En mathématiques et plus précisément en théorie algébrique des nombres, l'anneau des entiers d'un corps quadratique ressemble à certains égards à celui des entiers relatifs. Certains d'entre eux sont euclidiens comme celui des entiers de Gauss d'Eisenstein ou les entiers du corps Q(√5). Cette propriété a pour conséquence les théorèmes classiques de l'arithmétique : identité de Bézout, lemme d'Euclide ou encore le théorème fondamental de l'arithmétique.

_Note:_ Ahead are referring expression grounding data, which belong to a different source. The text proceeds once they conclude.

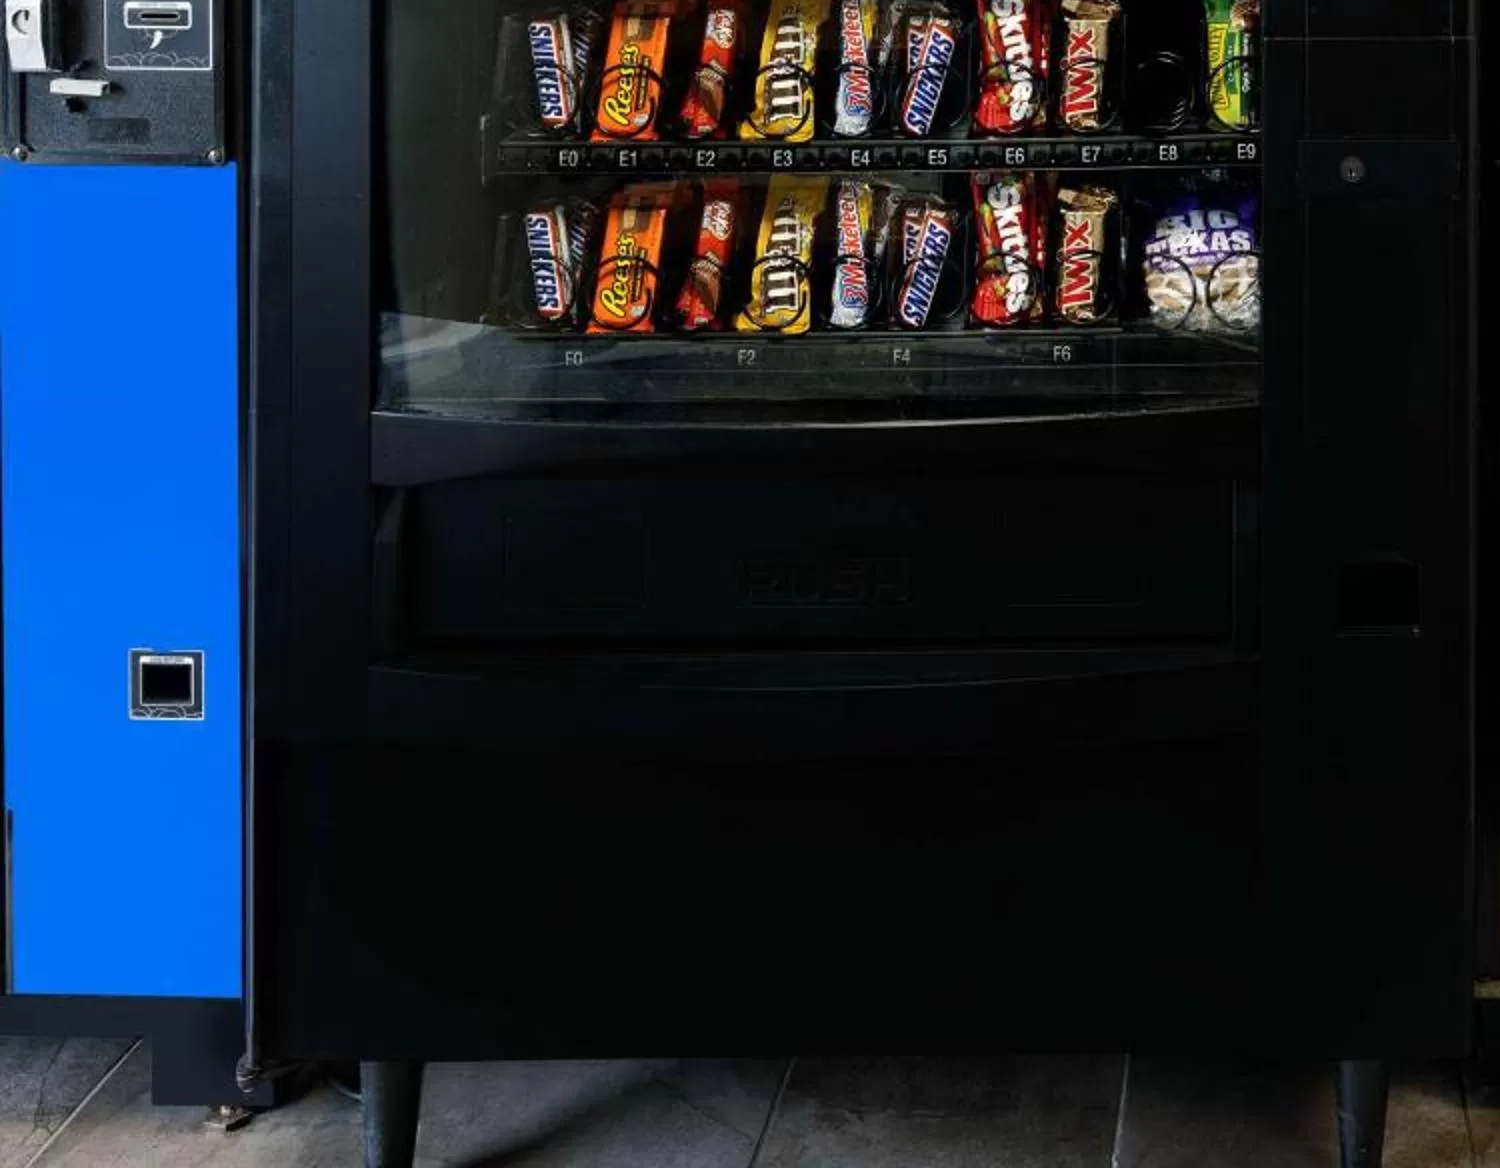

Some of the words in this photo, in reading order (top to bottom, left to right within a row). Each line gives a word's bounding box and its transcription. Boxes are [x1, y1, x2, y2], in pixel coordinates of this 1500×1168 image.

[528, 22, 564, 119] SNICKERS
[604, 41, 640, 125] Reese's
[905, 31, 953, 133] SNICKERS
[1061, 29, 1097, 119] TWIX
[559, 150, 578, 167] E0
[619, 150, 637, 166] E1
[696, 150, 716, 166] E2
[773, 150, 793, 166] E3
[851, 150, 870, 166] E4
[928, 149, 947, 165] E5
[1005, 147, 1024, 164] E6
[1082, 146, 1100, 162] E7
[1159, 145, 1178, 161] E8
[1237, 143, 1256, 159] E9
[527, 213, 559, 311] SNICKERS
[987, 183, 1031, 315] Skittles
[1057, 220, 1092, 310] TWIX
[1146, 230, 1250, 256] TEXAS
[1156, 210, 1238, 231] BIG
[601, 234, 634, 317] Reese's
[901, 221, 949, 326] SNICKERS
[565, 351, 584, 366] F0
[738, 349, 756, 364] F2
[892, 348, 911, 364] F4
[1053, 345, 1071, 361] F6

En revanche, nombre d'anneaux d'entiers quadratiques ne sont pas euclidiens ni même principaux ou factoriels. Ernst Kummer, confronté à cette difficulté, découvre la notion de nombres idéaux, qui lui permet de démontrer le dernier théorème de Fermat dans de nombreux cas. Cette approche, finalisée par Richard Dedekind, permet d'offrir un palliatif à cette absence de factorialité. Si les nombres ne peuvent plus se décomposer en produit de facteurs premiers, de manière unique, sous un certain angle, les idéaux le peuvent.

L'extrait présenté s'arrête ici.